BEGIN
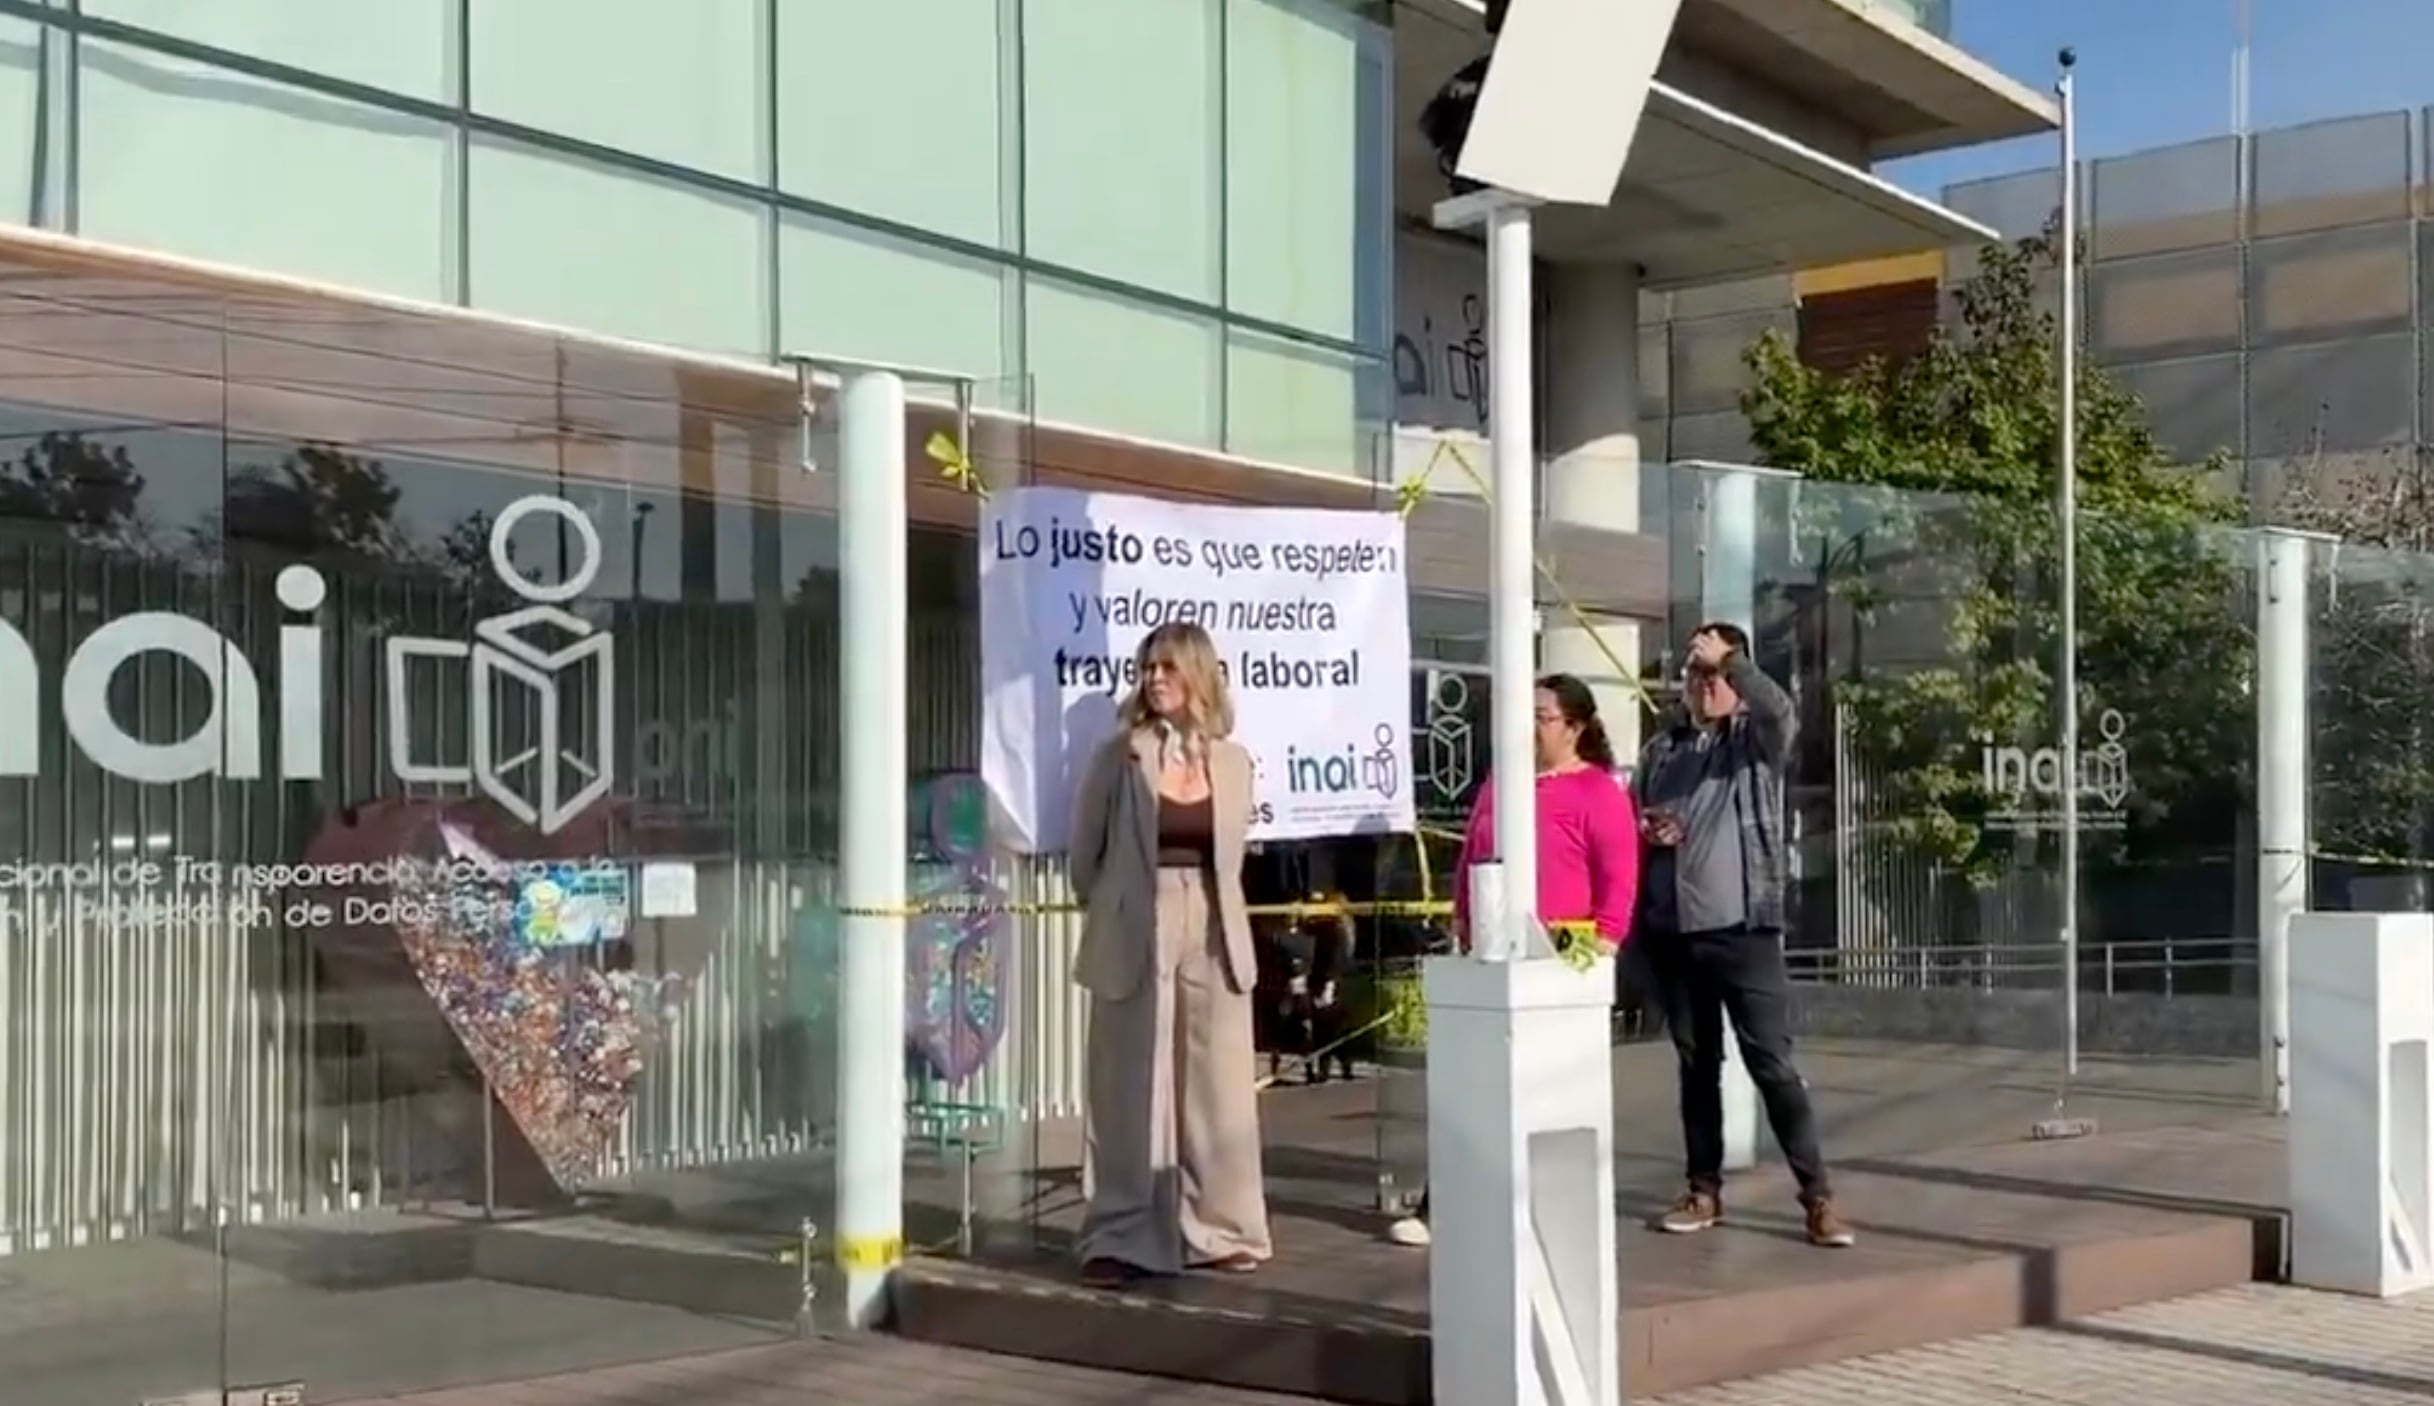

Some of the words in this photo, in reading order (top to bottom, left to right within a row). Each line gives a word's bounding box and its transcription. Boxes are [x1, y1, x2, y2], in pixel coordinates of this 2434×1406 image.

[995, 519, 1040, 560] Lo
[1051, 516, 1143, 568] justo
[1153, 536, 1193, 567] es
[1201, 540, 1263, 578] que
[1272, 538, 1397, 582] respeten
[1069, 591, 1087, 635] y
[1094, 588, 1217, 629] valoren
[1227, 596, 1336, 631] nuestra
[1241, 650, 1359, 688] laboral
[1288, 744, 1357, 793] inai
[113, 856, 162, 886] de
[285, 900, 332, 927] de
[343, 897, 439, 925] Datos
END
• **Problem description**: What you return must be every entry, word for word, without any pictures.

• **Solution for this problem**:
Some of the words in this photo, in reading order (top to bottom, left to right within a row). Each line gives a word's bounding box and its transcription. Boxes are [x1, y1, x2, y2], in pixel coordinates of this 2434×1406 image.

[995, 519, 1040, 560] Lo
[1051, 516, 1143, 568] justo
[1153, 536, 1193, 567] es
[1201, 540, 1263, 578] que
[1272, 538, 1397, 582] respeten
[1069, 591, 1087, 635] y
[1094, 588, 1217, 629] valoren
[1227, 596, 1336, 631] nuestra
[1241, 650, 1359, 688] laboral
[1288, 744, 1357, 793] inai
[113, 856, 162, 886] de
[285, 900, 332, 927] de
[343, 897, 439, 925] Datos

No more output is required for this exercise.